REFLECTIONS sees protagonist Twaambo (which translated literally means talk) the centre of conflict between her parents as they talk about their child’s gender identity.

To find out a little more about her work, we asked Mubanga the following questions…

What inspires your work?

Everything. Sometimes an idea comes to me in a dream and I wake up, groggy, and scribble it if I have paper close by, or just text it to myself. A lot of the time, my stories are built out of random memories from my childhood kind of patched together.
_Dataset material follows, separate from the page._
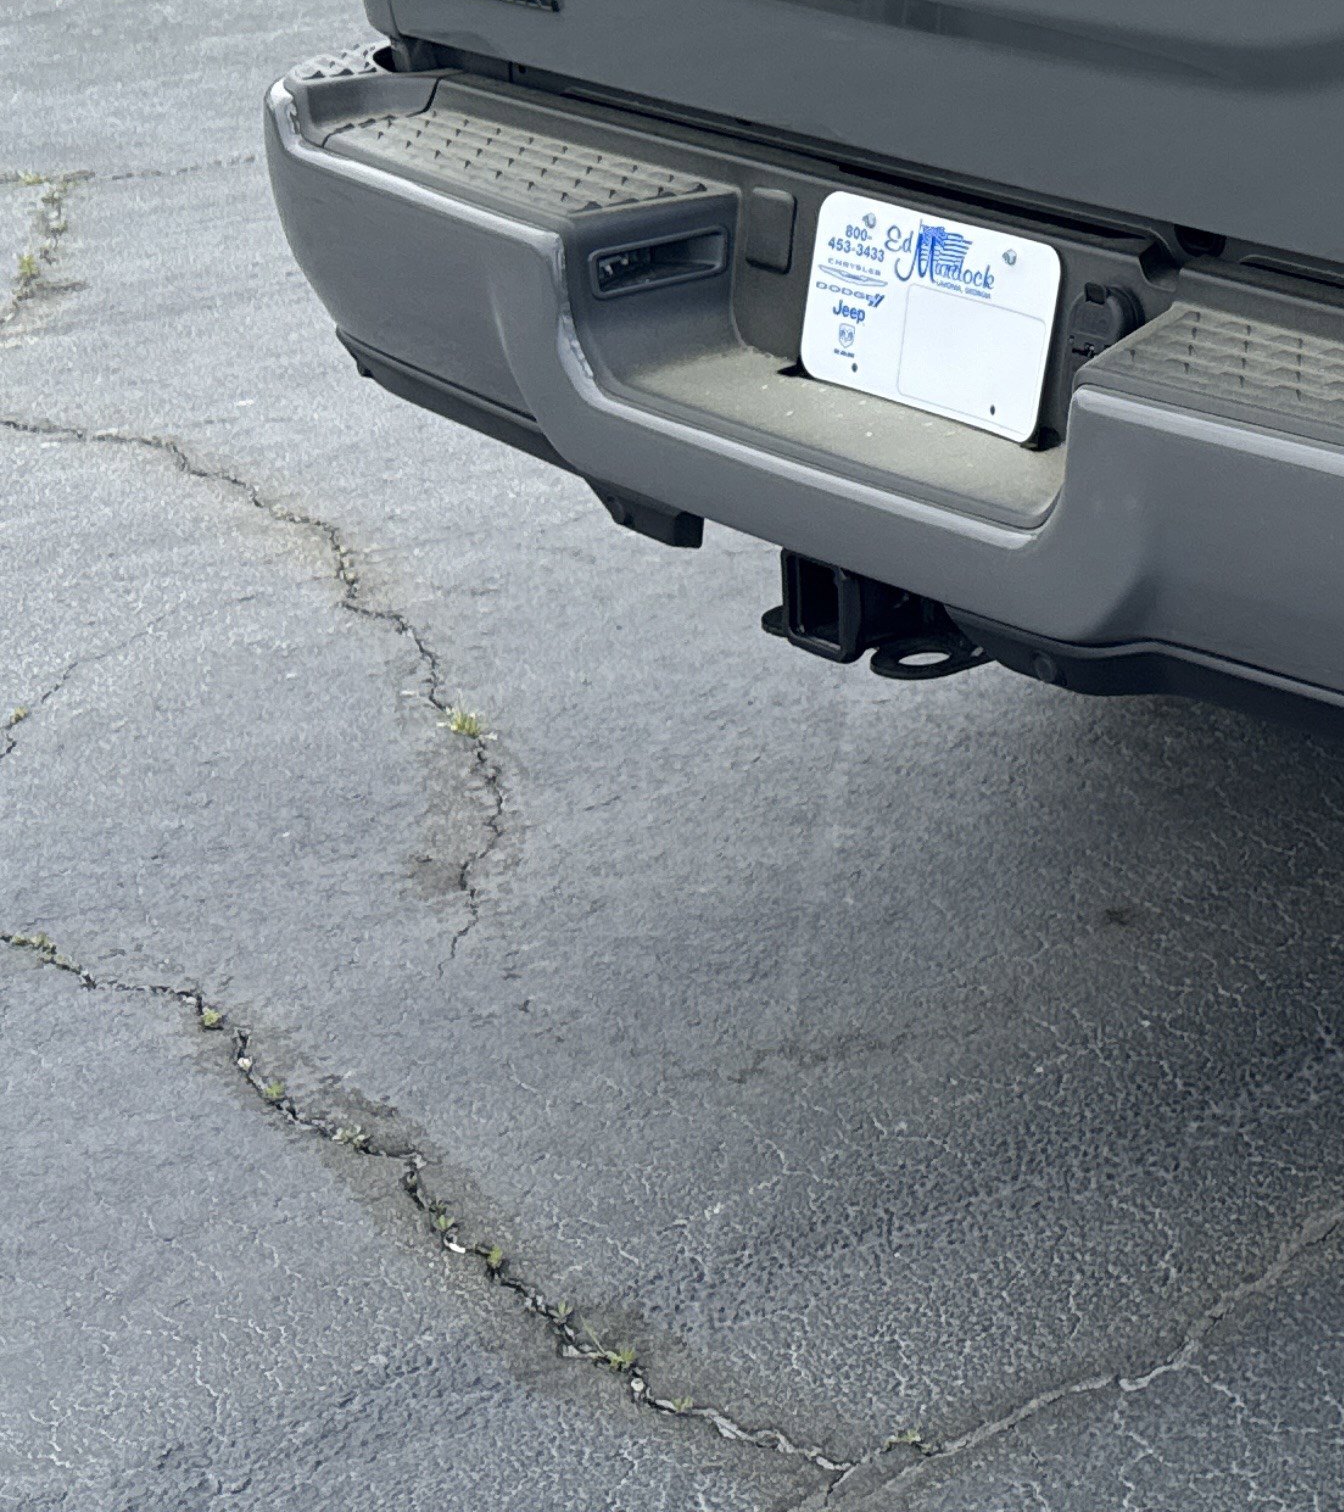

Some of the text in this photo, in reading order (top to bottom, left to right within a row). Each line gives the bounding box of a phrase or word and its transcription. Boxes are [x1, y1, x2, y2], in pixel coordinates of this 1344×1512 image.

[828, 236, 885, 263] 453-3433
[883, 224, 915, 254] Ed
[832, 299, 866, 325] Jeep
Sometimes I lift my head out of a book or look away from the computer, and my kids do something funny, which I think should slip into a story. Bus rides are the best places, just watching people’s movements when they are alone with their thoughts.

Tell us a bit about your writing process…

I write at night when everything is quiet. I think it’s just a byproduct of parenting and life, wanting to be present for everything else important but needing to feed this part of myself. I play music while I write; something Zambian usually.